**Problem statement:**
Repeat every entry exactly. Leave nothing out.

START Dataset content

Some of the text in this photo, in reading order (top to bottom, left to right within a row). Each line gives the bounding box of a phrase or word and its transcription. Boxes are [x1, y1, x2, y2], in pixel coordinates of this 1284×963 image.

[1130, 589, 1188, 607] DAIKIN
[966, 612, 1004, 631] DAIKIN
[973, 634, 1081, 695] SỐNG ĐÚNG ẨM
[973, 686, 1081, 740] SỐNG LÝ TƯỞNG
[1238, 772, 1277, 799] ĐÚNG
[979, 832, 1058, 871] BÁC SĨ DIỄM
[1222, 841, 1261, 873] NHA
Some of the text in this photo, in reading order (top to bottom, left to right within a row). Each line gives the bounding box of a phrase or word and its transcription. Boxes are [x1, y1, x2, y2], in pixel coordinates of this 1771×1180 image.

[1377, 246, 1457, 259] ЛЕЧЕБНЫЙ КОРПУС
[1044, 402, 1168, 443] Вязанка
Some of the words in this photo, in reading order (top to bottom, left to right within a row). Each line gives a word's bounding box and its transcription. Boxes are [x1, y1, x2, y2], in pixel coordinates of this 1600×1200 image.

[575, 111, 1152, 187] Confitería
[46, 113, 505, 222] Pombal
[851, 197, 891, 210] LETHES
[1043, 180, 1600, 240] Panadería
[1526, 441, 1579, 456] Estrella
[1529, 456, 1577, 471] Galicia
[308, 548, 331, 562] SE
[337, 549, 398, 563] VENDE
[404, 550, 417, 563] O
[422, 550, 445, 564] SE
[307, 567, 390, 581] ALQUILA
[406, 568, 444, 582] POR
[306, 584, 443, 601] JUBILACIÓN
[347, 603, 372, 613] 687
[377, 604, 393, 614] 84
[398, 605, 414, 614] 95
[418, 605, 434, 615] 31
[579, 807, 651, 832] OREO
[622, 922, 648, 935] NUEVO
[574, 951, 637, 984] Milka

END Dataset content

**Task result:**
Some of the text in this photo, in reading order (top to bottom, left to right within a row). Each line gives the bounding box of a phrase or word and its transcription. Boxes are [x1, y1, x2, y2], in pixel coordinates of this 1284×963 image.

[1130, 589, 1188, 607] DAIKIN
[966, 612, 1004, 631] DAIKIN
[973, 634, 1081, 695] SỐNG ĐÚNG ẨM
[973, 686, 1081, 740] SỐNG LÝ TƯỞNG
[1238, 772, 1277, 799] ĐÚNG
[979, 832, 1058, 871] BÁC SĨ DIỄM
[1222, 841, 1261, 873] NHA
Some of the text in this photo, in reading order (top to bottom, left to right within a row). Each line gives the bounding box of a phrase or word and its transcription. Boxes are [x1, y1, x2, y2], in pixel coordinates of this 1771×1180 image.

[1377, 246, 1457, 259] ЛЕЧЕБНЫЙ КОРПУС
[1044, 402, 1168, 443] Вязанка
Some of the words in this photo, in reading order (top to bottom, left to right within a row). Each line gives a word's bounding box and its transcription. Boxes are [x1, y1, x2, y2], in pixel coordinates of this 1600×1200 image.

[575, 111, 1152, 187] Confitería
[46, 113, 505, 222] Pombal
[851, 197, 891, 210] LETHES
[1043, 180, 1600, 240] Panadería
[1526, 441, 1579, 456] Estrella
[1529, 456, 1577, 471] Galicia
[308, 548, 331, 562] SE
[337, 549, 398, 563] VENDE
[404, 550, 417, 563] O
[422, 550, 445, 564] SE
[307, 567, 390, 581] ALQUILA
[406, 568, 444, 582] POR
[306, 584, 443, 601] JUBILACIÓN
[347, 603, 372, 613] 687
[377, 604, 393, 614] 84
[398, 605, 414, 614] 95
[418, 605, 434, 615] 31
[579, 807, 651, 832] OREO
[622, 922, 648, 935] NUEVO
[574, 951, 637, 984] Milka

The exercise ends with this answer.